Déchaînant la violence quasi exclusivement sur le territoire somalien – à l’exception de quelques opérations spectaculaires au Kenya voisin – et ne gênant aucun intérêt stratégique majeur, les Chabab sont moins médiatisés et moins connus que les groupes djihadistes nigérians ou sahéliens. Pourtant, selon une étude récente menée par Centre d’études stratégiques de l’Afrique (CESA), le groupe somalien serait devenu en 2016 le plus meurtrier du continent africain, causant la mort de plus de 4 200 victimes contre 3 500 pour Boko Haram, relégué au second rang.

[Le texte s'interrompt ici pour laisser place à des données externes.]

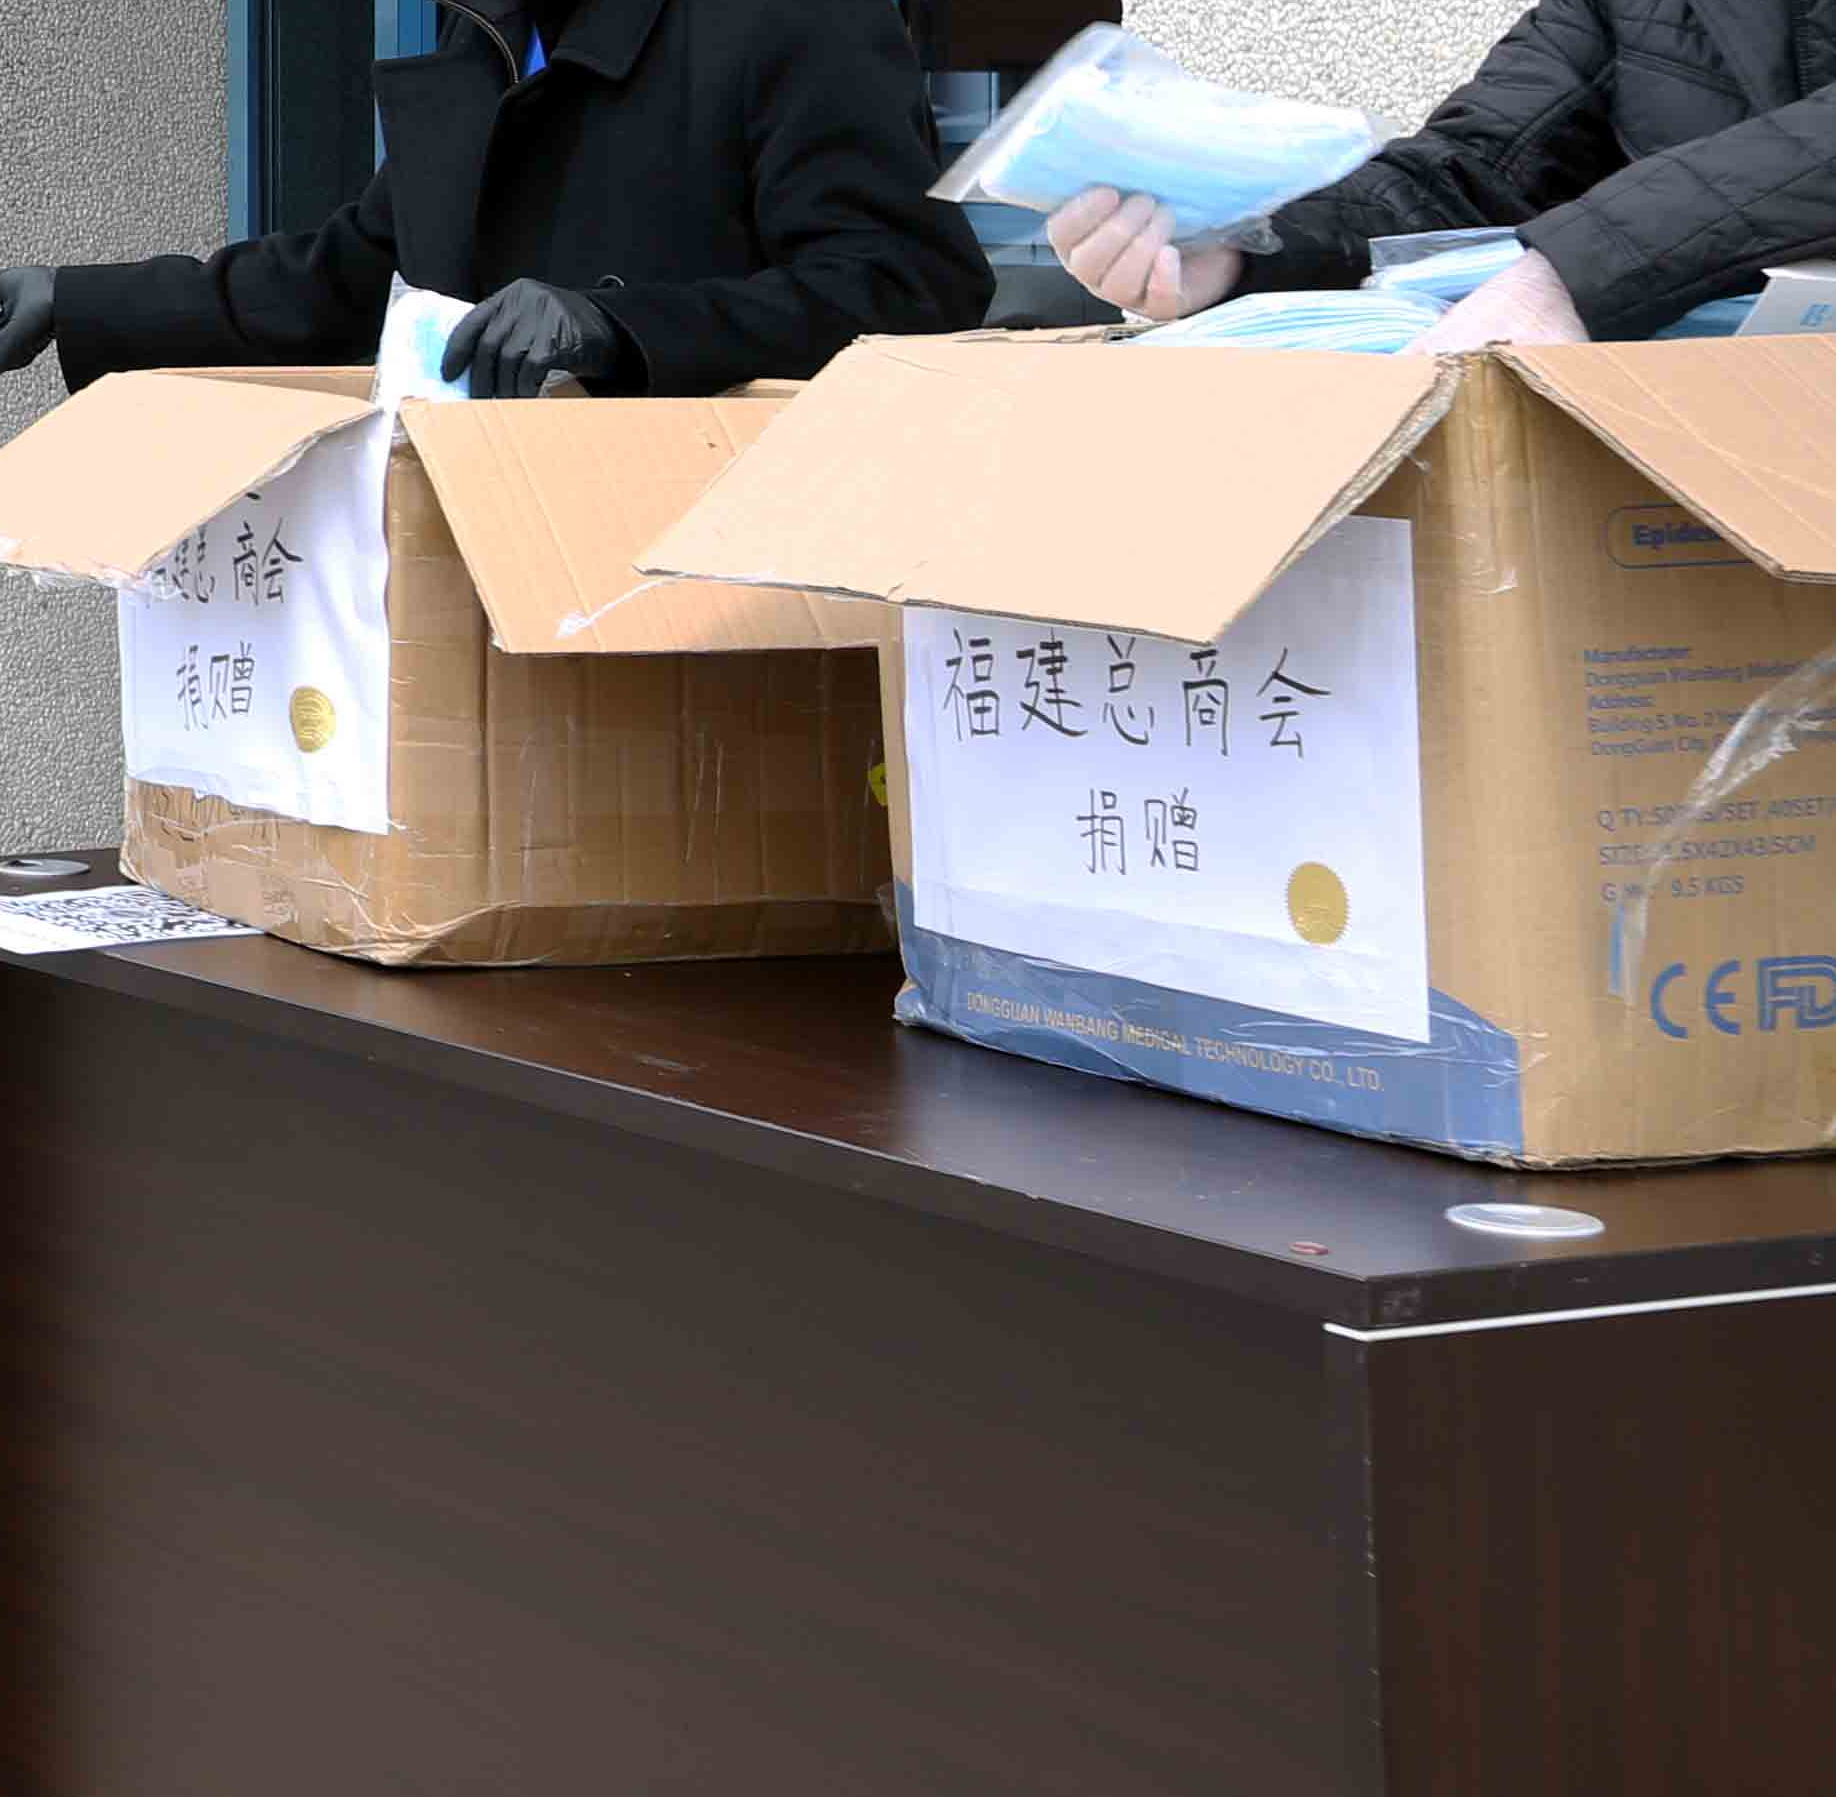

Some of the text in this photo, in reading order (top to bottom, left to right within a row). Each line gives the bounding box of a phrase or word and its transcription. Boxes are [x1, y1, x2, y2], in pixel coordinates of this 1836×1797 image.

[176, 640, 255, 731] 捐赠
[943, 627, 1332, 759] 福建总商会
[1076, 787, 1199, 875] 捐赠
[967, 991, 1041, 1026] DONGGUAN
[1045, 1007, 1119, 1041] WANBANG
[1121, 1018, 1191, 1056] MEDICAL
[1194, 1035, 1304, 1077] TECHNOLOGY

Face à la menace croissante, Africains comme Occidentaux semblent dépourvus de vision à long terme. Hormis quelques tweets compatissants et des condamnations de circonstance, peu de gestes concrets sont à attendre. L’Amisom, forte de 22 000 hommes, manque de moyens et de logistique. Elle est de toute façon sur le départ, tandis que l’armée nationale somalienne, censée prendre la relève, demeure une coquille vide. « Les Chabab sont à l’offensive. Ils se nourrissent de tous les maux du pays, insiste Roland Marchal. A l’heure qu’il est, il apparaît impossible de les battre. »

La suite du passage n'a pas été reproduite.